6 Factors that affect your mood that you may not notice

Have you ever wondered why your mood is so gloomy even when nothing happens?

Our mood is always influenced by many factors. Have you ever felt like you can’t control your emotions? Have you ever wondered if your ” natural sadness ” is really “natural” or is it influenced by certain external factors? The things mentioned below will give you a different perspective on your mood.

1. Weather

In one study, scientists found a link between weather and negative moods. Specifically, sunlight has a direct effect on fatigue. Vitamin D3 produced when skin is exposed to natural light has been shown to help change levels of serotonin – the hormone that regulates mood. Seasonal depression often occurs during the less sunny months of the year because serotonin levels are low at this time.

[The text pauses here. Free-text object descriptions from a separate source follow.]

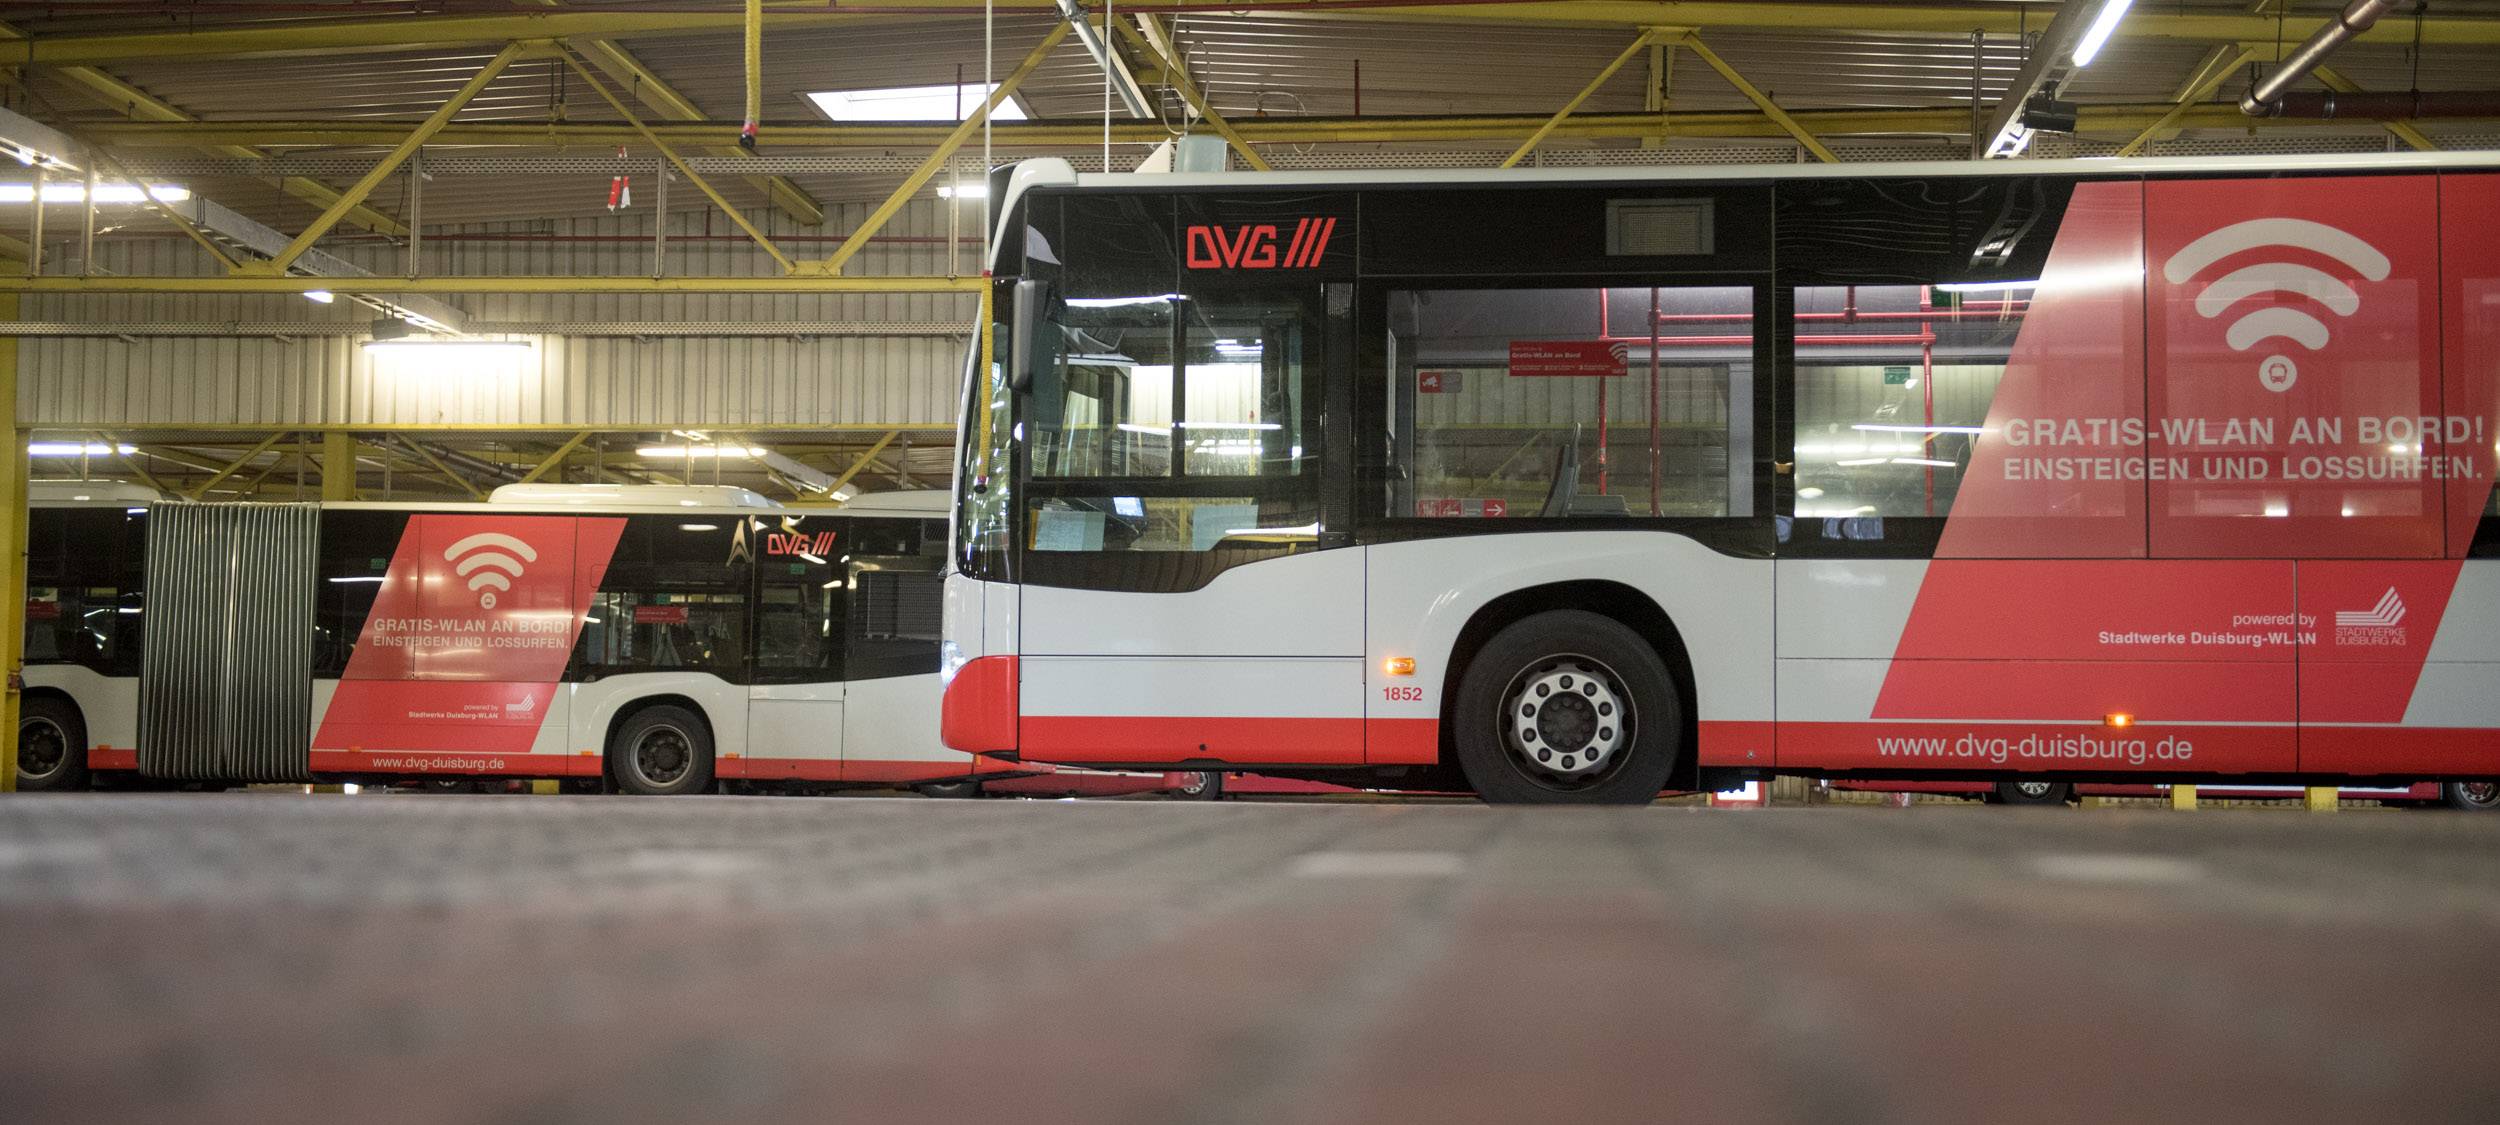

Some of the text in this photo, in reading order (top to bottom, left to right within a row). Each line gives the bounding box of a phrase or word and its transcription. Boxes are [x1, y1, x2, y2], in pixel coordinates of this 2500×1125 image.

[2002, 415, 2483, 447] GRATIS-WLAN AN BORD!
[2003, 455, 2483, 480] EINSTEIGEN UND LOSSURFEN.
[373, 618, 571, 634] GRATIS-WLAN AN BORD!
[2232, 613, 2317, 628] powered by
[2098, 631, 2317, 648] Stadtwerke Duisburg-WLAN
[2335, 627, 2406, 637] STADTWERKE
[372, 635, 569, 649] EINSTEIGEN UND LOSSURFEN.
[2335, 636, 2406, 646] DUISBURG AG
[1383, 687, 1423, 701] 1852
[408, 711, 445, 719] Stadtwerke
[446, 711, 499, 721] Duisburg-WLAN
[1876, 732, 2193, 765] www.dvg-duisburg.de
[372, 756, 505, 771] www.dvg-duisburg.de

Scientists found a link between weather and negative moods

How to handle: You cannot control the weather, but you can learn to recognize the deficiency of nutrients to supplement promptly by eating or using functional foods. For example, if you work in an office that lacks natural light and rarely leaves before dark, you likely need a vitamin D3 supplement.

2. Social networks

Using social media activates the brain’s reward system by releasing dopamine – a feel-good chemical associated with pleasurable activities such as eating or sex. However, this is the factor that leads to addiction to social networks.

A study in the UK in 2018 showed that overuse of social networks can reduce, disrupt, and delay sleep. This leads to anxiety, depression, reduced memory ability, and academic performance.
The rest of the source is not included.